Y, pese a todo, en 1959, año en el cual el Homo rodans adquiere vida, la autora no se toma la figurilla muy en serio. La ve como un simple divertimiento: ni siquiera es pintura. "Eso de la figurita que me dices es una cosa que no te había contado porque no sabía cómo explicártelo -escribe en una carta a su madre-, ya que se trata de antropología y no de pintura. Resulta que hice con huesos de pescuezo de pollo y de pavo, después de limpiarlos muy bien, una figura y escribí un pequeño tratado de antropología (imitando un manuscrito) para demostrar que el antecesor del Homo sapiens es el Homo rodans [...] no te doy detalles de lo que escribí o de la figura, pues todo está hecho imitando las cosas y palabras científicas que casi nadie entiende y muchas partes del escrito están en latín inventado que ni yo misma entiendo..."

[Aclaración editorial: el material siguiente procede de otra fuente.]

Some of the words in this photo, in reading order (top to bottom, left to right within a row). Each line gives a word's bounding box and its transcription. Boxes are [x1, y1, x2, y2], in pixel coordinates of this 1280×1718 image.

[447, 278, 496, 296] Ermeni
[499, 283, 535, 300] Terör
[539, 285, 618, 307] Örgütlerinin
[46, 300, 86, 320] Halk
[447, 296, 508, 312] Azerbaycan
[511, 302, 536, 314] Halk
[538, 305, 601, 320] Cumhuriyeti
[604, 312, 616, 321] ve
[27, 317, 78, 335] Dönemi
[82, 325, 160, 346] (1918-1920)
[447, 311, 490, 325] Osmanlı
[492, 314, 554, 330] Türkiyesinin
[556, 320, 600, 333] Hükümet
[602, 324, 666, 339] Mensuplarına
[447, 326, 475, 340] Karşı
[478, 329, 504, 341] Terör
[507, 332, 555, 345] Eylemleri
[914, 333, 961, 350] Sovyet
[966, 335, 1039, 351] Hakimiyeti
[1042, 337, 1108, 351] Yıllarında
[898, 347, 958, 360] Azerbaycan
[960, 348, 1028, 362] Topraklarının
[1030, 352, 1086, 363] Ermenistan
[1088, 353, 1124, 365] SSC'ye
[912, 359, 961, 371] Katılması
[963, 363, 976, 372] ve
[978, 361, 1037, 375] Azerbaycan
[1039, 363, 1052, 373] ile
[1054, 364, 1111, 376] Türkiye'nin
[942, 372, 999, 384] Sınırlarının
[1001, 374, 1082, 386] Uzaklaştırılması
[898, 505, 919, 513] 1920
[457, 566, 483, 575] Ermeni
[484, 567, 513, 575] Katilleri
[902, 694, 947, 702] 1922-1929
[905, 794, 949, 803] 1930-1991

Sí, se trata de una pieza modesta comparada con los cuadros que la artista está pintando en esa época, aunque, leída desde la perspectiva actual, la estatuilla de huesos resuma la esencia del trabajo de aquella niña que miraba el manuscrito miniado y que en 1959 tiene en la escena artística internacional un nombre reconocido.
En esta esculturita se reúnen muchas de las capas de significación, a veces en apariencia paradójicas, que constituyen la obra de Varo. ¿Qué da pues, a Homo rodans ese carácter único?

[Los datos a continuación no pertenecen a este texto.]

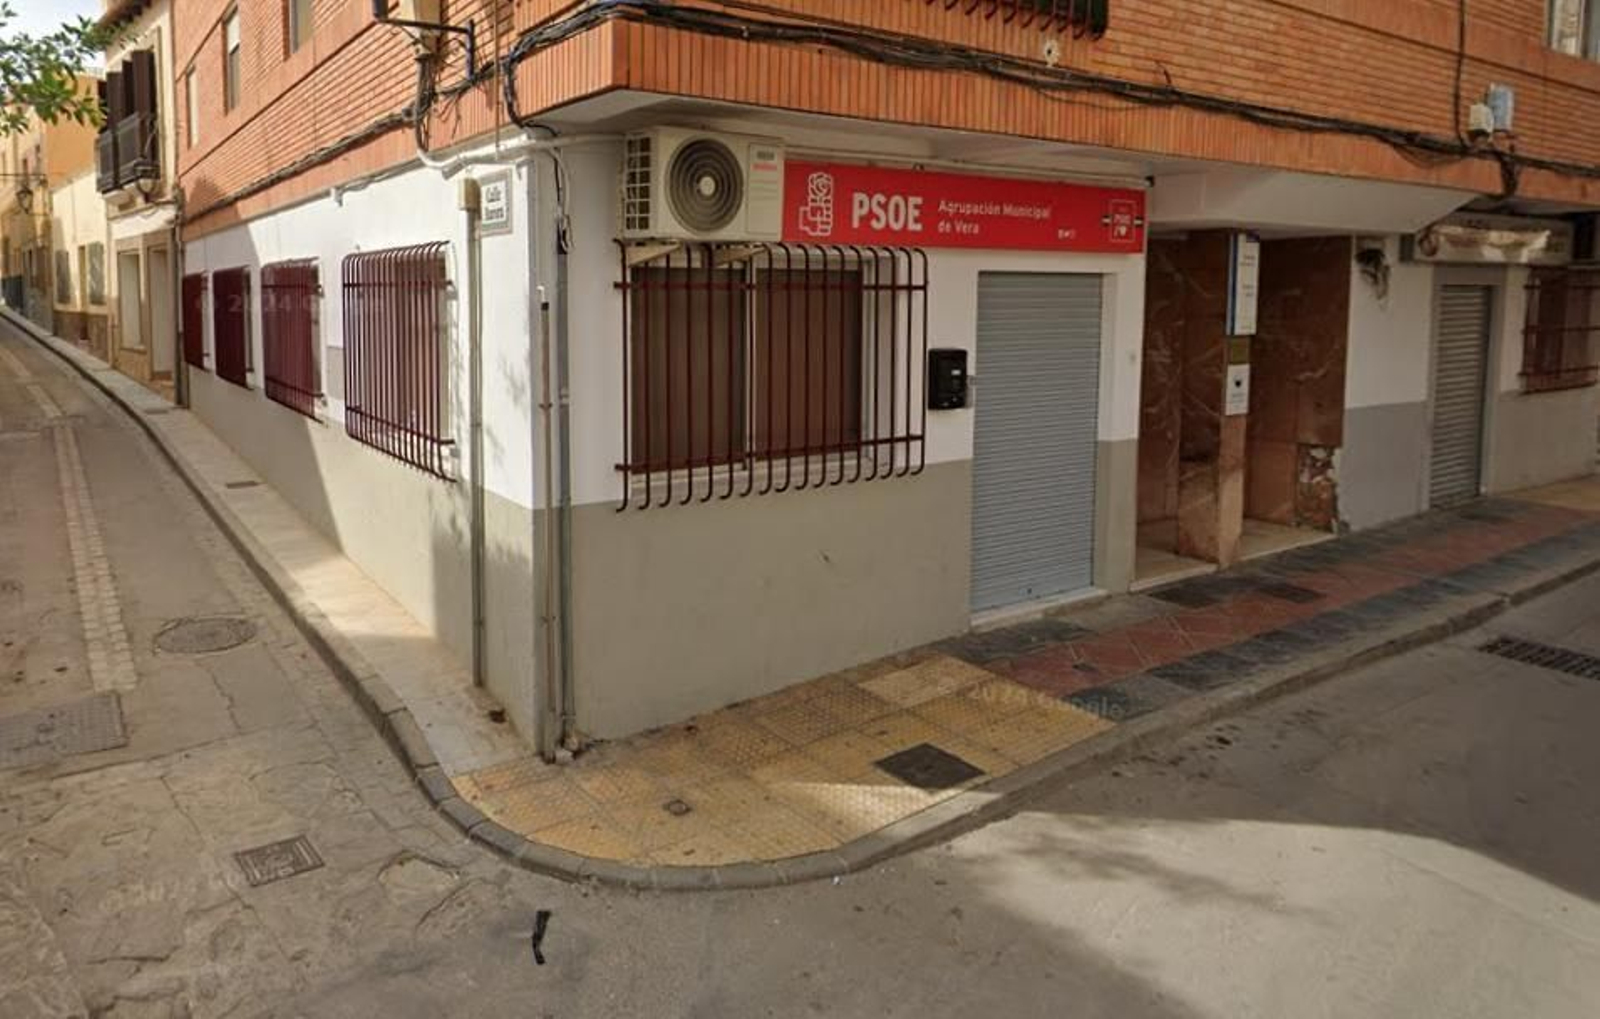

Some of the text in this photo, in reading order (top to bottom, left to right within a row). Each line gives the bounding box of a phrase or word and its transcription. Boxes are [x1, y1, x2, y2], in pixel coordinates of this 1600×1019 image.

En primer lugar, se trata de uno de los pocos ejemplos entre la producción de la autora que se podría denominar con el apelativo de "objeto surrealista", categoría popularizada entre los artistas próximos al grupo en Francia y Bélgica. Esta fascinación hacia el mundo de las cosas que cambian o pierden su significado -desde los famosos "objetos encontrados" hasta las combinaciones imposibles que ejemplifican "el paraguas y la máquina de coser sobre la mesa de operacioes", para los surrealistas epítome de la belleza de lo inusual- se relaciona asimismo con el concepto que Breton, pope del movimiento, acuña en el primer Manifiesto surrealista de 1924. Lo "maravilloso", a cuya definición se aproxima a través de algunos objetos que configurarían esa categoría escurridiza enraizada con Baudelaire -las ruinas románticas, el maniquí moderno, los patíbulos de Villon -, es, a juzgar por los ejemplos dados, heterogéneo y, sobre todo, alejado del sistema cultural establecidp o en sus bordes. Lo "maravilloso" pertenece al mundo de los mercadillos callejeros, lugares a los cuales los afiliados del movimiento van a menudo buscando objetos "pasados de moda, rotos, inservibles, casi incomprensibles, incluso perversos".

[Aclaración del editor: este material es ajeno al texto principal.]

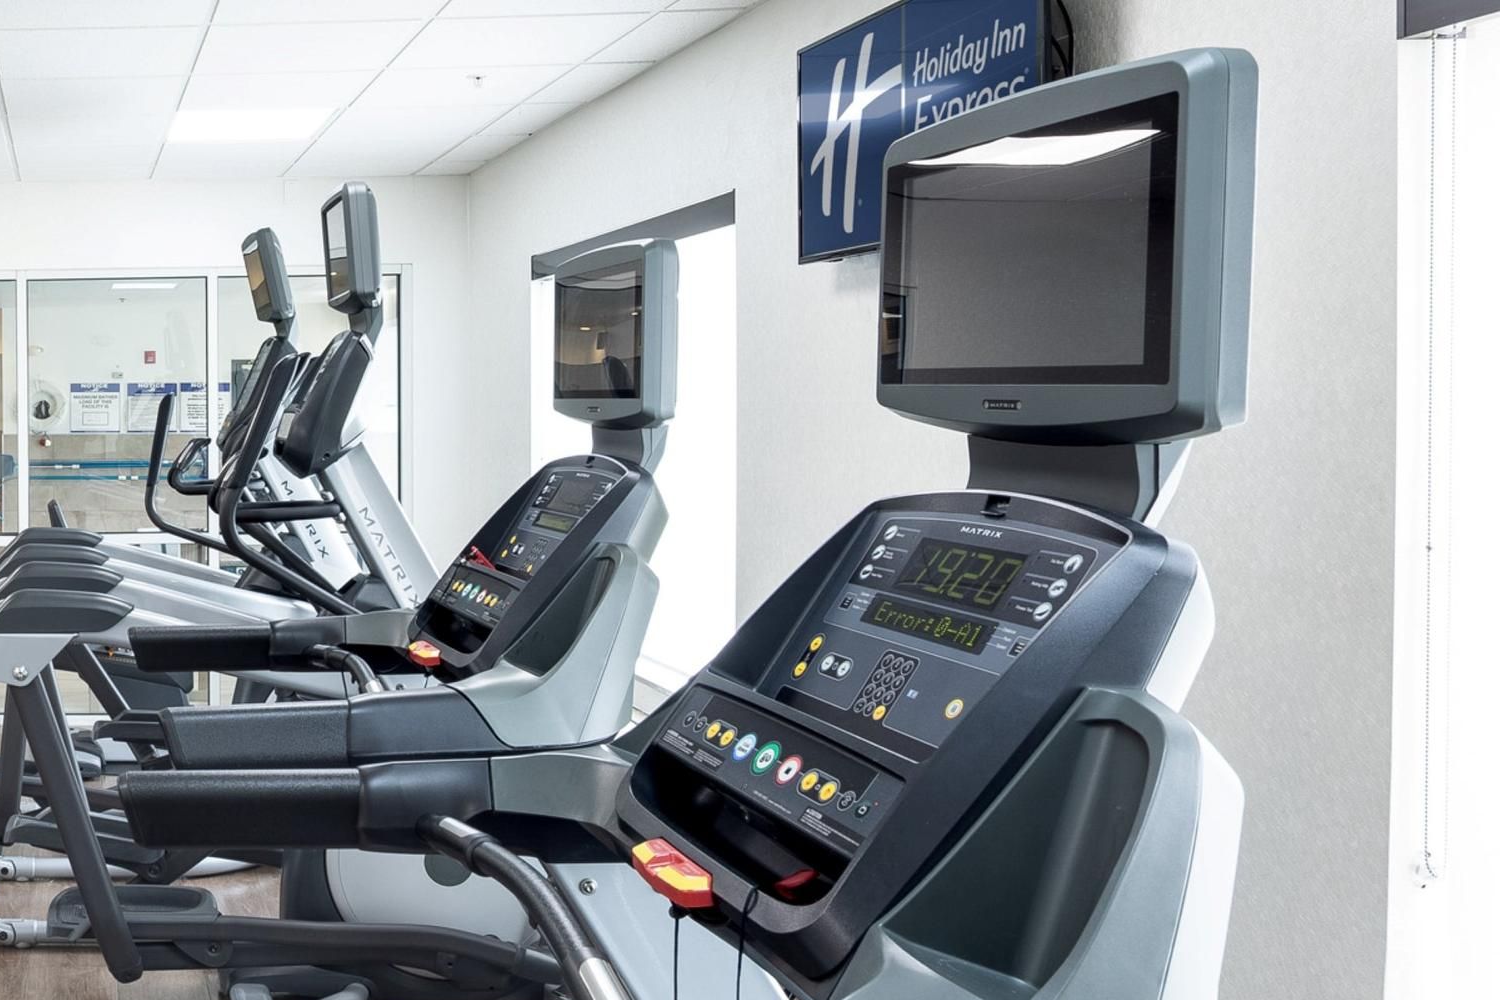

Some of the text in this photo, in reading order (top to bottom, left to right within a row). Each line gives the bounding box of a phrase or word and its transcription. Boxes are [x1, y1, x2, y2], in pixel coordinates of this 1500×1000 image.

[913, 19, 1026, 87] Holiday Inn
[281, 480, 329, 559] MRIX
[960, 526, 1003, 539] MATRIX
[358, 507, 420, 608] MATRIX

El Homo rodans parece, desde muchos puntos de vista, paradigmático de la propuesta estética bretoniana. No en vano, en el manuscrito que Varo escribe, imitando el estilo pomposo de los eruditos y que firma con un nombre inventado, Halikcio von Fuhrangsmidt, el de un reputado antropólogo alemán, hable del primer paraguas hallado entre las ruinas de Mesopotamia. En este texto, que vio a luz en 1970 por iniciativa del doctor Jan Somolinos Palencia, amigo al cual pidió Varo ayuda en la realización del proyecto con el fin de dar verosimilitud a sus comentarios, se conjugan dos de las pasiones más decididas de la pintora: las ciencias ocultas y las ciencias naturales.
En todo caso, más allá del gusto exacerbado hacia las metamorfosis, tan reiterado en los cuadros de Varo, lo que desvela el Homo rodans en relación al trabajo de la artista es su impenitente pasión por los relatos, la invención de historias que regirán su vida entera. Las historias gobiernan sus óleos, sus escritos, sus cartas a los amigos y a la familia, y esas otras cartas a desconocidos convocándolos a reuniones, que se relacionan con cierta tradición surrealista plasmada también en las acciones artísitcas de la segunda mitad del siglo xx.